Research Theme Working Groups
HPC Associates are encouraged to participate in any of these research theme working groups. Please contact the group lead for participation.
- Social Factors and Multi-Omics (Xiaobin Wang, Xiumei Hong, Pamela Surkan, Nilanjan Chatterjee, Lingxin Hao, Li Liu)
- Sensor and Health (Ciprian Crainiceanu, Lingxin Hao, Julia Burdick-Will, Marc Stein, Casey Overby Taylor)
- Reproductive Health and Family Planning (Philip Anglewicz, Linnea Zimmerman, Saifuddin Ahmed, Michele Decker, Caroline Moreau, Li Liu, and Amy Tsui)
- Innovative Demography (Li Liu, Philip Anglewicz, Andreea Creanga, Francisco Villanvicencio, Alice Gemmill, Dona Strobino, Amy Tsui, Linnea Zimmerman, Qingfeng Li, and Saifuddin Ahmed)

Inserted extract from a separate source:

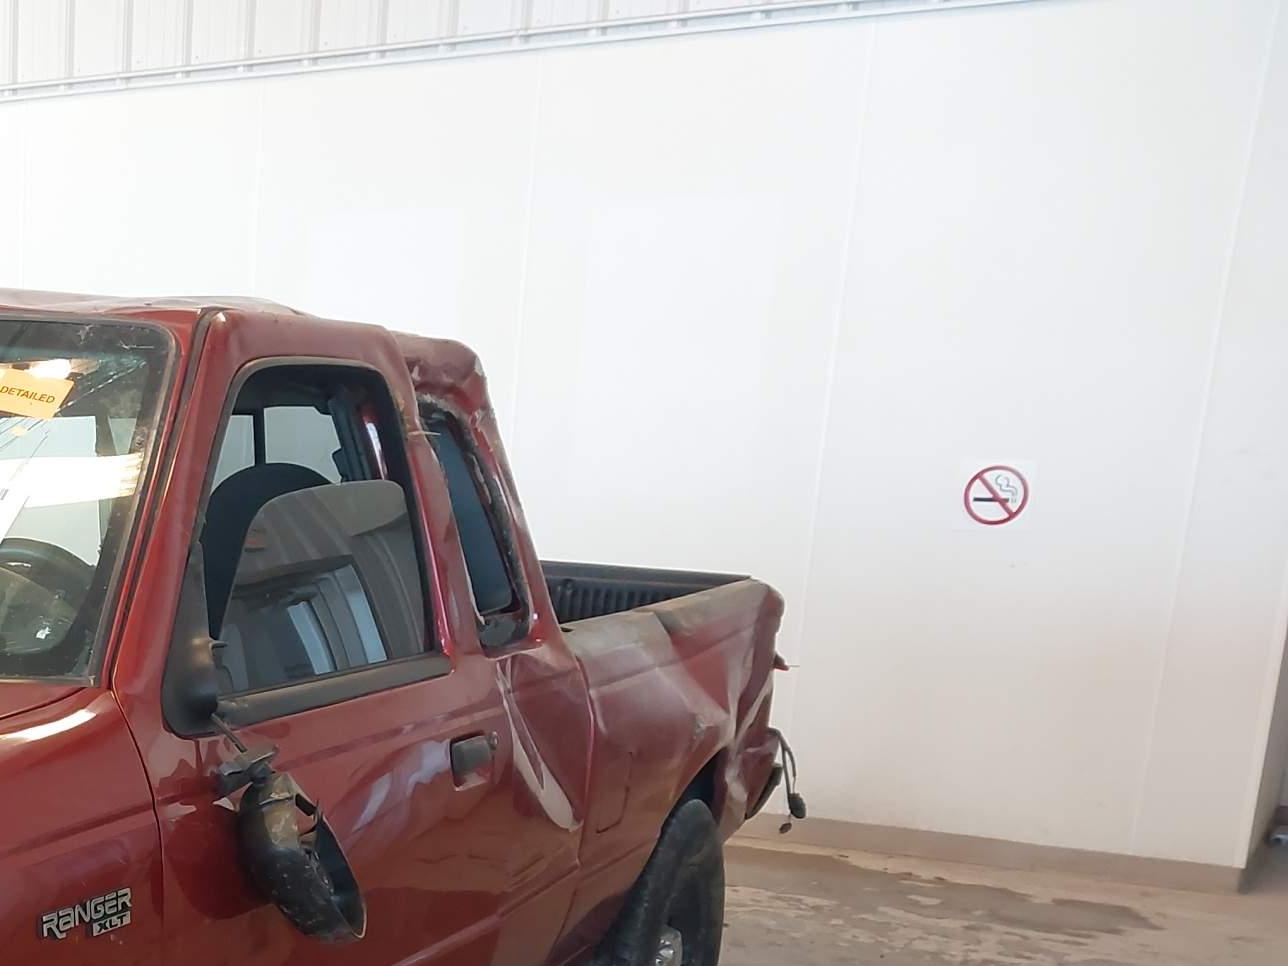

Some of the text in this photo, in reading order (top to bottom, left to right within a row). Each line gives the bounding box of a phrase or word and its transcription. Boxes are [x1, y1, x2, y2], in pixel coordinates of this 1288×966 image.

[0, 385, 56, 404] DETAILED
[42, 887, 132, 939] RANGER
[97, 914, 127, 933] XLT

- Population-Scale Networks and Inequality (Angelo Mele, Lingxin Hao)
The Pilot Research Program
- Regular call (every 6 months in May and November)
- In each year, two awards (up to $20,000 each) are given to HPC Associates with priorities in senior-junior and interdisciplinary Research.
- One-time call
- One-time calls are designed to respond to special calls from NICHD-PDB for rapid proposal submissions. A past example is HPC’s Lightning Pilot Research on COVID-19.
- HPC RFAs
In our RFAs, we invite HPC Associates to submit proposals with a project length of one year. Pilot Project PIs, co-PIs, and co-investigators must be HPC Associates. The RFAs stipulate that the proposed research must represent a primary research area (PRA) leading to an NICHD-PDB application or other NICHD branches relevant to population dynamics. Associates can receive only one Pilot Award every two years. The RFAs provide step-by-step directions on the application process. The Development Core carries out targeted recruitment among ECAs and under-represented minority (URM) Associates, and identifies senior collaborators for promising but inexperienced ECAs.
- Pilot application review process
Pilot applications are first vetted by the HPC leadership to ensure priorities are given to senior-junior and interdisciplinary collaborations and the scope is within the PRAs. Once confirmed, applications are sent to three reviewers drawn from members of the Faculty Coordinating Committee, Scientific Advisory Committee, and relevant experts among HPC Associates. They are asked to score the application according to the following criteria: relevance to HPC’s PRAs, likelihood of leading to an application to PDB, ECA and URM status of the Principal and Co-Principal Investigators, whether the work is interdisciplinary, study significance, and scientific rigor. The three reviewers may also suggest revisions for and resubmission of an application. Applications receiving best scores are funded up to $20,000. Successful applicants are assigned methodological mentors through the Scientific Core. The Pilot Projects must go through IRB and obtain the human subject approval by NICHD.